GE Aerospace stock slips into 2026 as Wall Street shuts for New Year’s Day

NEW YORK, January 1, 2026, 2:46 PM ET — Market closed

  • GE Aerospace shares last closed down 1.2% at $308.03 on Dec. 31, lagging aerospace peers.
  • The drop came in thin, holiday-shortened trading as U.S. stocks ended 2025 lower on the day.
  • Investors are now looking to GE’s Jan. 22 earnings webcast and early-January U.S. data for the next catalysts.

GE Aerospace shares ended the last trading day of 2025 lower, closing down $3.74, or 1.2%, at $308.03 on Wednesday.

The timing matters because the stock is hovering near recent highs heading into January catalysts, while U.S. exchanges are closed on Thursday for New Year’s Day. The next major read for investors is GE’s quarterly update later this month.

With jet makers still working through production bottlenecks, investors remain focused on GE’s parts-and-services business, often called the aftermarket — revenue that comes from maintaining engines already in service. Reuters has reported that more than 70% of GE’s commercial engine revenue comes from parts and services.

GE’s decline came as Wall Street finished 2025’s final session lower, with the S&P 500 down 0.74% and the Dow down 0.63%, Reuters reported. Reuters also noted trading volumes were muted in the holiday-shortened week.

“I do not expect that the last few days will have so much bearing on the performance of the next year,” said Giuseppe Sette, co-founder and president of Reflexivity, in comments carried by Reuters. Reuters

GE also lagged key industrial and aerospace names on the day. Honeywell fell 0.65% and RTX slid 0.33%, while GE traded on lighter-than-usual volume, MarketWatch data showed.

The company’s operational outlook is closely tied to CFM International, its joint venture with France’s Safran that produces LEAP engines used on Airbus and Boeing narrowbody jets. Supply constraints have delayed deliveries across the industry, lifting maintenance spending as airlines keep older jets flying longer.

GE Chief Executive Larry Culp told Reuters in October that supply chain fixes were helping the company make progress in catching up on delayed Airbus engine deliveries. That remains a central theme investors expect management to revisit as 2026 begins.

In October, GE lifted its 2025 profit outlook, setting up fourth-quarter results as the check on whether it landed within that range. GE’s investor relations site lists its fourth-quarter 2025 earnings webcast for Jan. 22 at 7:30 a.m. ET.
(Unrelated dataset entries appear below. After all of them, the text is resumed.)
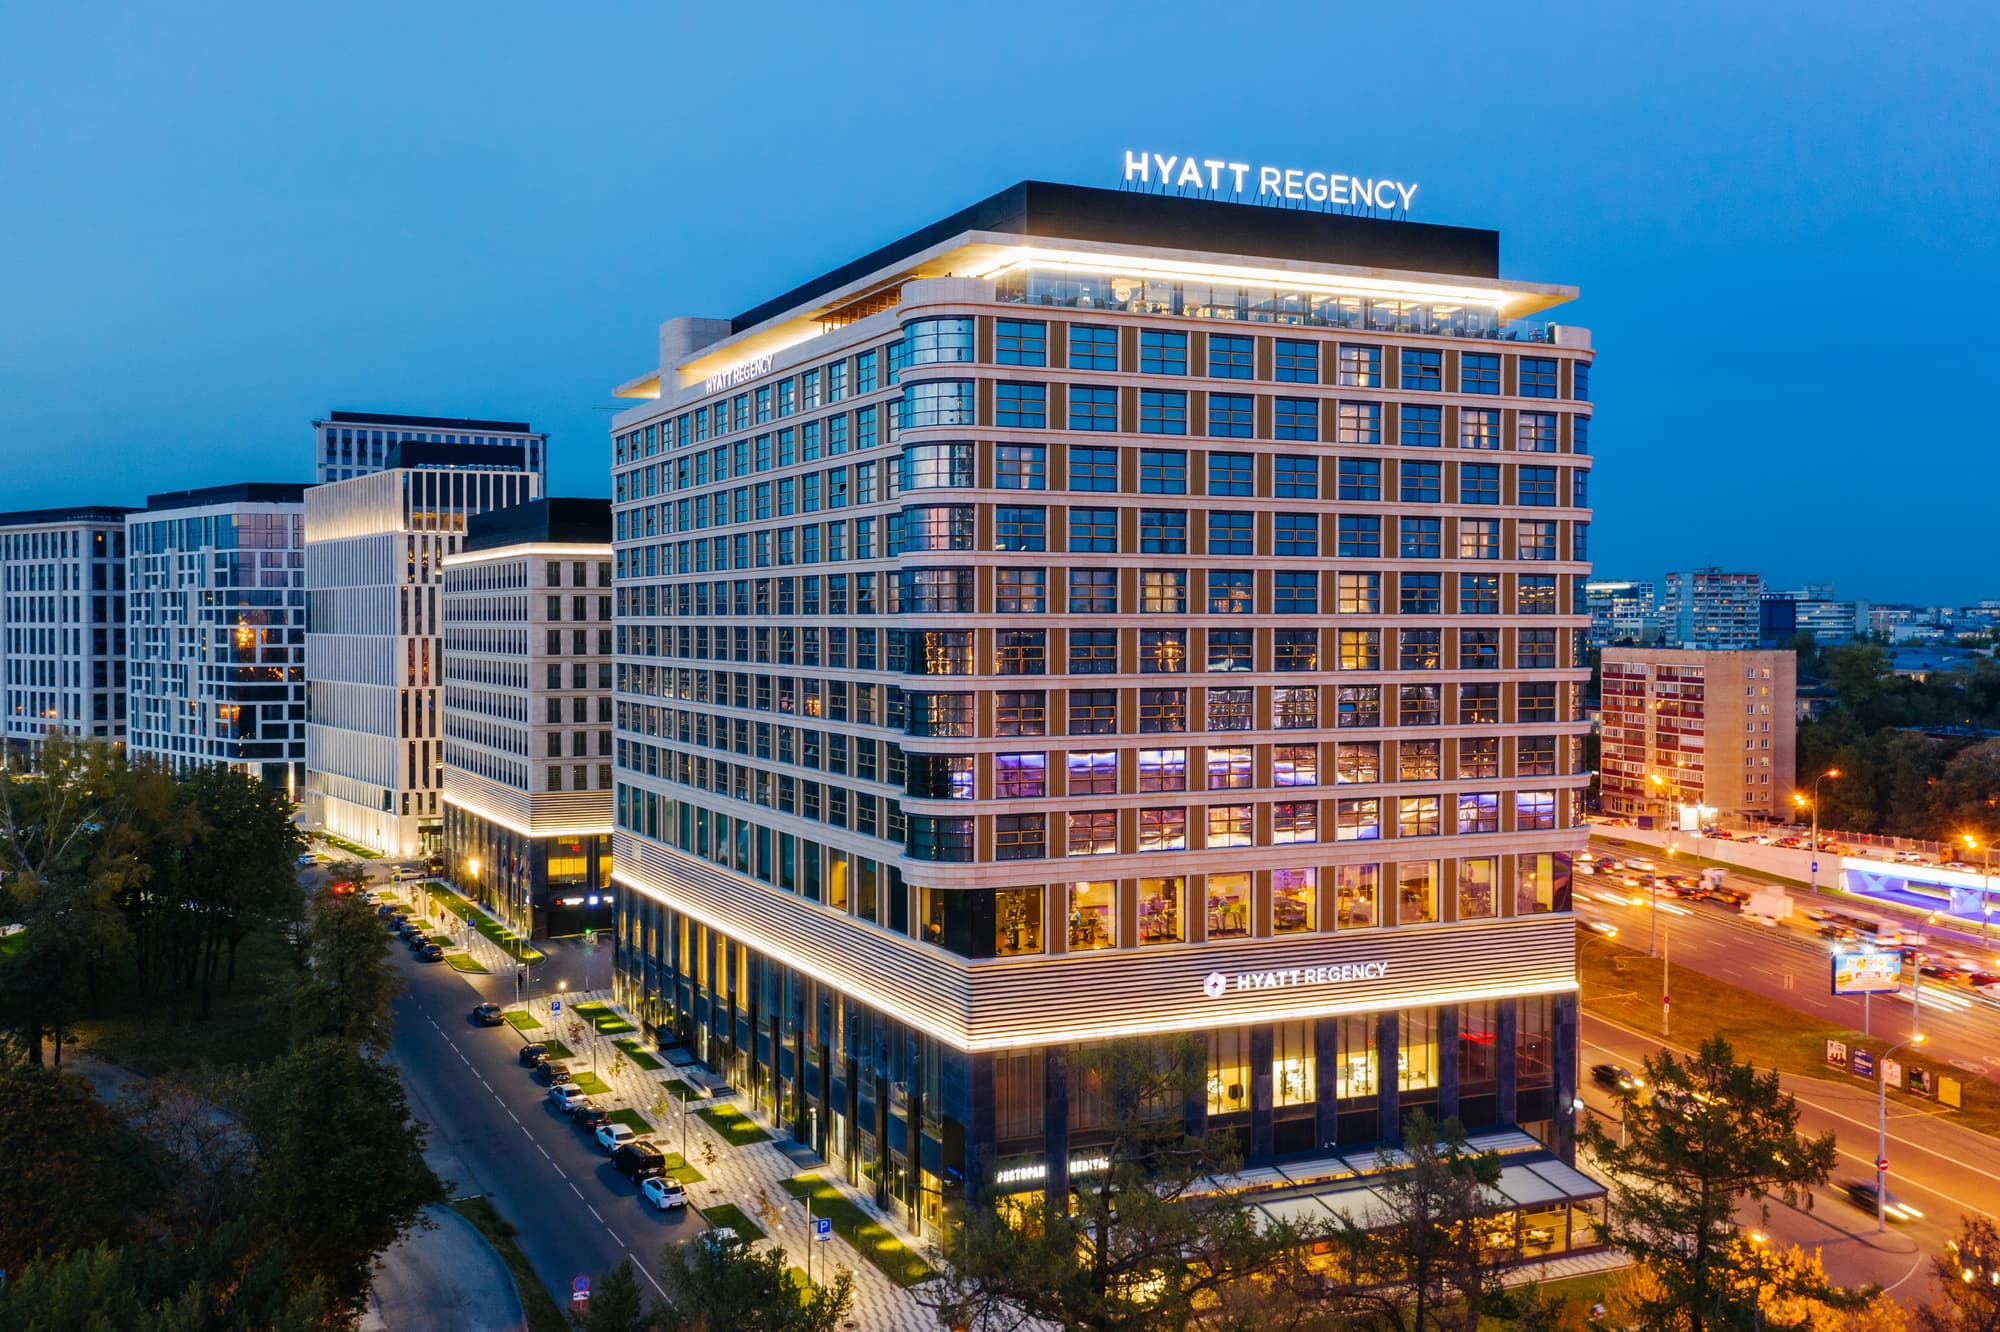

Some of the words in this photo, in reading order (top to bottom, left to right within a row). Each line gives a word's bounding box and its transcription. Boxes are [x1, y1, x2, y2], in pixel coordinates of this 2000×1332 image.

[1125, 150, 1249, 192] HYATT
[1260, 166, 1418, 211] REGENCY
[706, 370, 732, 394] HYATT
[734, 353, 774, 385] REGENCY
[1237, 970, 1300, 991] HYATT
[1304, 962, 1388, 984] REGENCY
[820, 1221, 829, 1233] P
Dividend-focused investors also have a near-term marker. GE said in a December release that it declared a $0.36 per-share quarterly dividend payable Jan. 26, with an ex-dividend date of Dec. 29 — the cutoff after which a buyer is not entitled to the upcoming payment.

Before the next session

U.S. markets reopen on Friday, Jan. 2, after Thursday’s New Year’s Day holiday closure. On the macro calendar, investors will get U.S. construction spending on Jan. 2, and the December ISM manufacturing report on Jan. 5, according to Scotiabank’s January schedule.
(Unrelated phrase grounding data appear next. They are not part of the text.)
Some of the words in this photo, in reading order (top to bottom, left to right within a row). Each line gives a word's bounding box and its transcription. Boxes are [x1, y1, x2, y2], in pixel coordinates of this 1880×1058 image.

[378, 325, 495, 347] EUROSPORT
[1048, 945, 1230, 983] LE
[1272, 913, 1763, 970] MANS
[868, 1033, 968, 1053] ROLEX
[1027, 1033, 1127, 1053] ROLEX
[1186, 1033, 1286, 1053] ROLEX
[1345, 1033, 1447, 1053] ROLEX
The bigger macro risk for rate-sensitive industrials arrives the following week: the U.S. employment report for December 2025 is scheduled for Friday, Jan. 9, the Labor Department’s calendar shows.

Technically, traders will watch whether GE re-tests its recent 52-week high of $318.06, and whether the shares hold above the $300 level into earnings. The stock is about 3% below that recent peak, MarketWatch data showed.